A Advocacia do Senado informou ao Supremo Tribunal Federal que "não há qualquer comprovação" sobre custo de R$ 6 bilhões aos cofres públicos com o fim da saidinha de presos. A manifestação contra a liberação de presos em datas específicas, enviada à Corte nesta terça, 30, contesta dados do Conselho Nacional de Justiça sobre "custo adicional" com a obrigatoriedade de que detentos passem por um exame criminológico para progressão da pena – prevista na mesma lei que deu fim à saidinha.
A lei agora analisada pelo Supremo foi pivô de embate entre o Executivo e o Legislativo. O presidente Luiz Inácio Lula da Silva vetou as mudanças que haviam sido propostas pelos parlamentares – de modo a liberar a saidinha -, mas os vetos foram derrubados pelo Congresso.
Em seu parecer ao STF, a Advocacia do Senado rebate a informação do CNJ de que a lei "promove criação ou alteração de despesa". O braço jurídico do Senado afirma que a lei não produzirá "impacto financeiro-orçamentário direto".
Segundo o Senado, hoje o juiz de execuções penais pode ordenar a realização de exame criminológico e assim é "razoável supor que as varas de execução penal já dispõem de uma estrutura mínima para realizá-lo".
O argumento contraria diretamente estudo do CNJ que estimou impacto de R$ 6 bilhões com base no "custo de manutenção das prisões", levando em consideração um cenário em que as equipes já existentes nos presídios sejam responsáveis pelos exames de caráter criminológico.
O CNJ alertou para um efeito bola de neve, com a possibilidade de os exames pendentes irem se acumulando. Segundo o Conselho, essa situação barra a progressão de regime de 283 mil presos em um ano. Um detento permaneceria 197 dias a mais na prisão.
Além do impacto financeiro direto da medida, o CNJ projetou o aumento da população prisional nos próximos quatro anos considerando a "manutenção prolongada" de prisões, aguardando a realização de exames criminológicos.
De acordo com o estudo, a nova demanda criada pelos parlamentares implicaria em um custo anual de até R$ 170 milhões apenas para a composição das equipes técnicas aptas à realização dos exames – grupos multidisciplinares, de três profissionais.
A Advocacia do Senado sustenta que um julgamento do STF não pode vedar a função de legislar. O veto à liberação de detentos está sendo contestado na Corte sob argumento de violação à decisão do STF que declarou o "estado de coisas inconstitucional no sistema carcerário".
Para o Senado, a decisão do STF deixa claro que a saidinha "não foi e não poderia ser pedra de salvação da situação prisional".
"Justamente pela complexidade dos fatores que levam à superlotação e à violação sistemática dos direitos dos presos é que a resolução da problemática não está atrelada à atuação individual de um dos Poderes da República, mas da conjunção de atuações inclusive em diferentes esferas federativas", registrou o braço jurídico do Senado.

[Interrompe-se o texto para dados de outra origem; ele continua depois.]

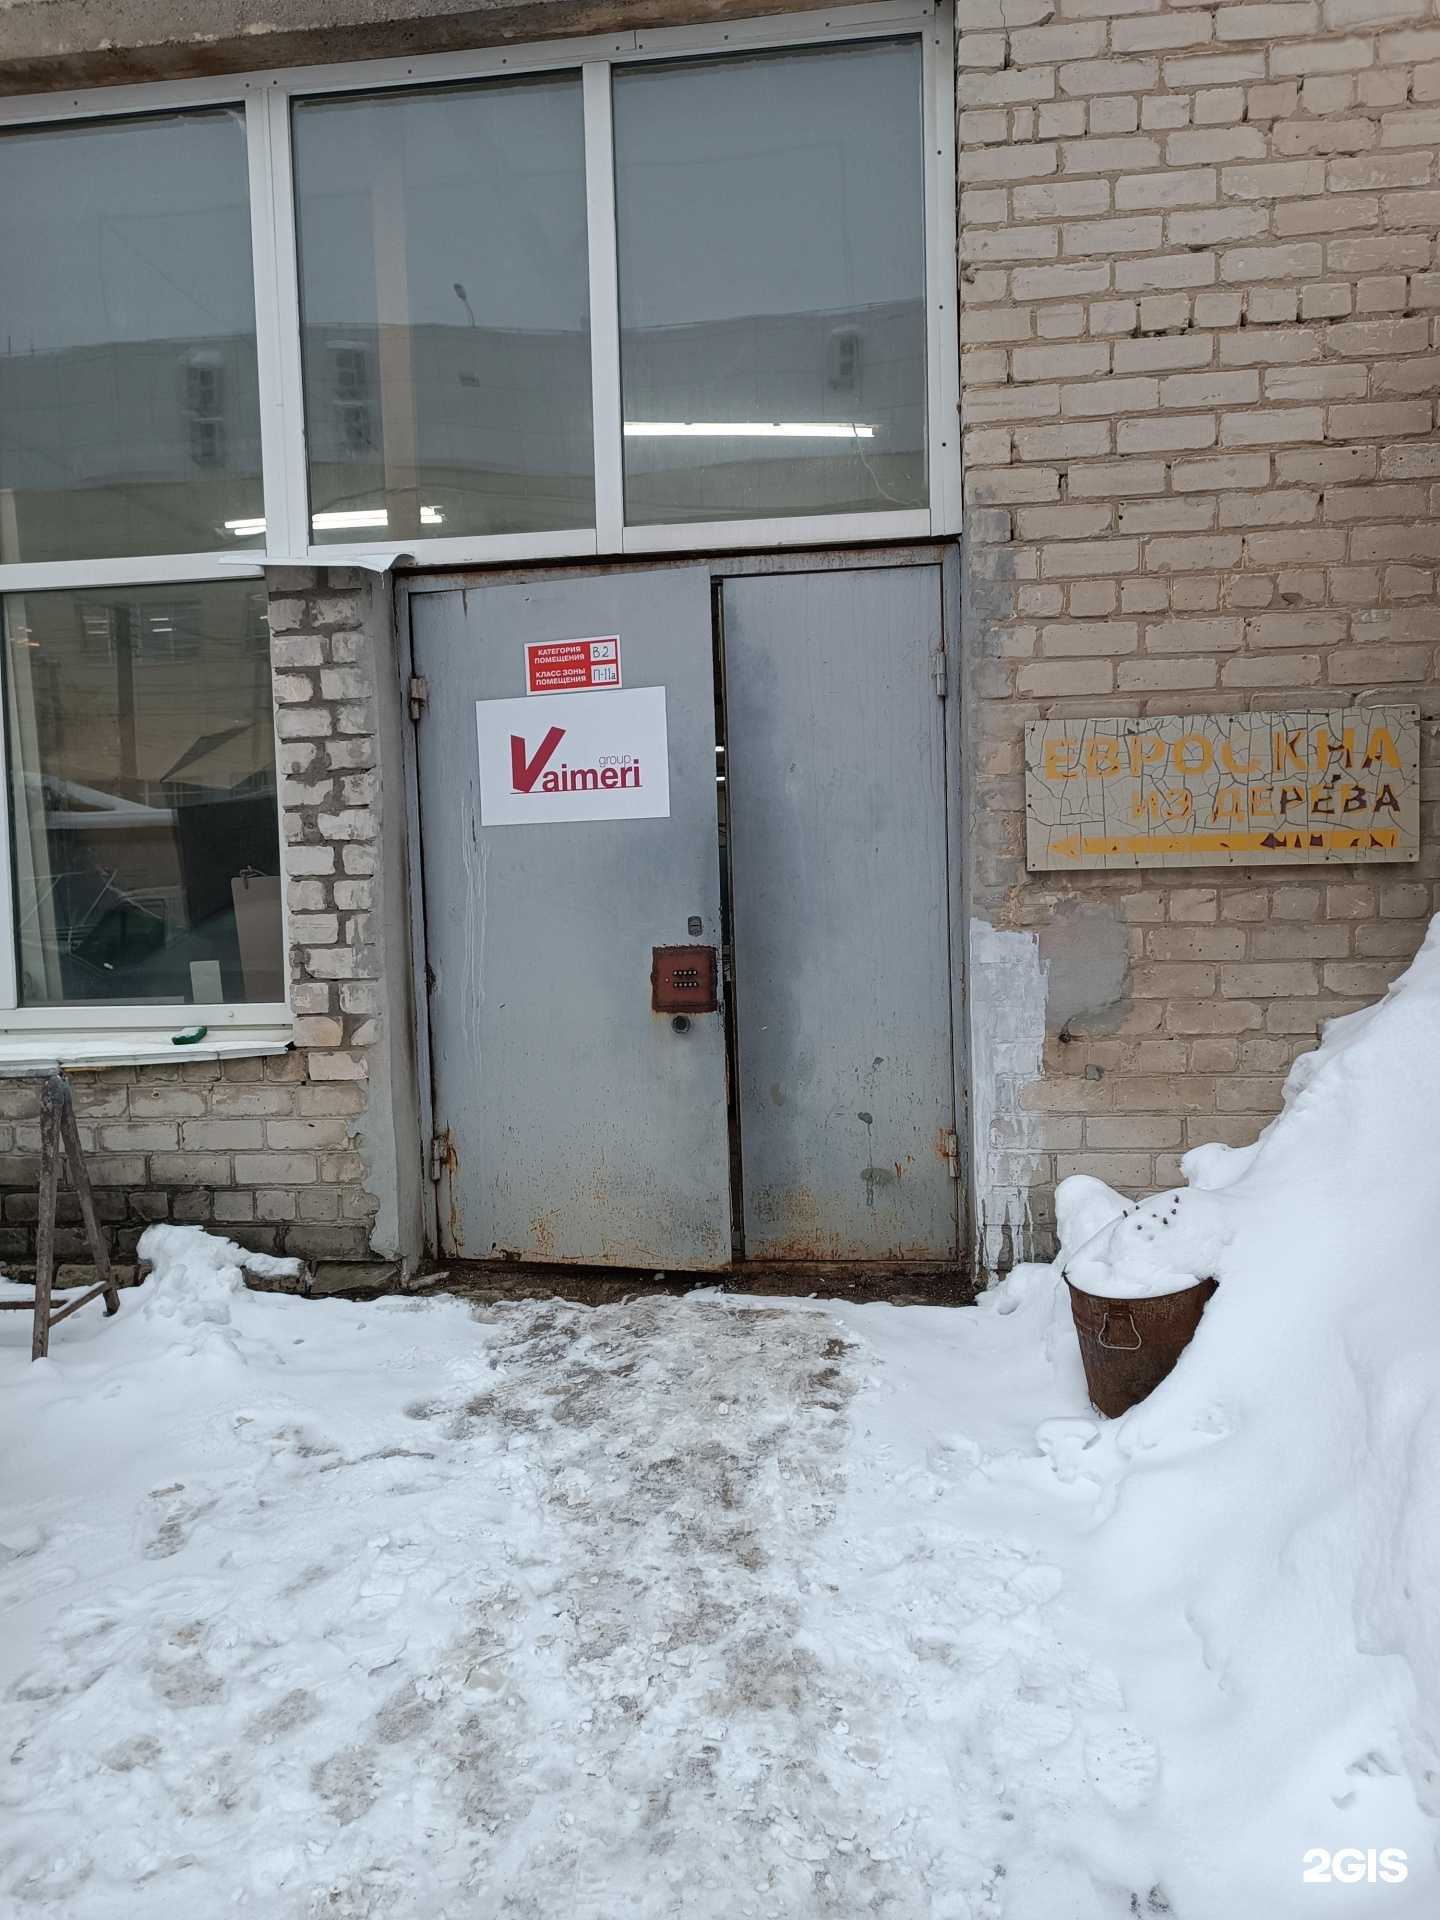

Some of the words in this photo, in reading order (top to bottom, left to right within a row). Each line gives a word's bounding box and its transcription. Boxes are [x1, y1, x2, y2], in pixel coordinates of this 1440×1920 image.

As informações foram enviadas ao ministro Edson Fachin, relator de ações no STF que contestam a lei que derrubou a saidinha. As ações são de autoria da Ordem dos Advogados do Brasil e da Associação Nacional de Defensores Públicos. Ainda não há data para o julgamento que será realizado pelo Plenário.
Na manifestação, o Senado rebate uma das principais alegações da OAB e da entidade dos defensores, de que o fim da saidinha configura retrocesso em direitos fundamentais, vedado pela Constituição.
A Advocacia do Senado afirma que o princípio constitucional não pode ser interpretado a ponto de significar "indevida petrificação da legislação".
O Senado diz que a lei "não vulnera o núcleo essencial da dignidade humana, do devido processo legal, da individualização das penas ou o dever especial de proteção à família, não implica instituição de uma pena de caráter perpétuo ou cruel ou exclusão do direito à intimidade do preso, e tampouco significa revogação do aspecto de reintegração social da pena ou do direito à convivência familiar dos presos".
<b>Irretroatividade</b>
O parecer do Senado evita versar sobre a possibilidade da retroatividade da lei – sobre ela incidir ou não nos casos de pessoas que já estão presas. O parlamento juntou aos autos frases ditas por senadores durante o debate do texto, entre eles Fabiano Contarato, Efraim Filho e Sérgio Moro. Os parlamentares divergiram sobre o tema.
Em decisão monocrática, o ministro André Mendonça reconheceu que a lei não vale para detentos que já estão presos, ou seja, não tem efeitos retroativos.
"Entendo pela impossibilidade de retroação da Lei nº 14.836, de 2024, no que toca à limitação aos institutos da saída temporária e trabalho externo para alcançar aqueles que cumprem pena por crime hediondo ou com violência ou grave ameaça contra pessoa – no qual se enquadra o crime de roubo -, cometido anteriormente à sua edição, porquanto mais grave", anotou.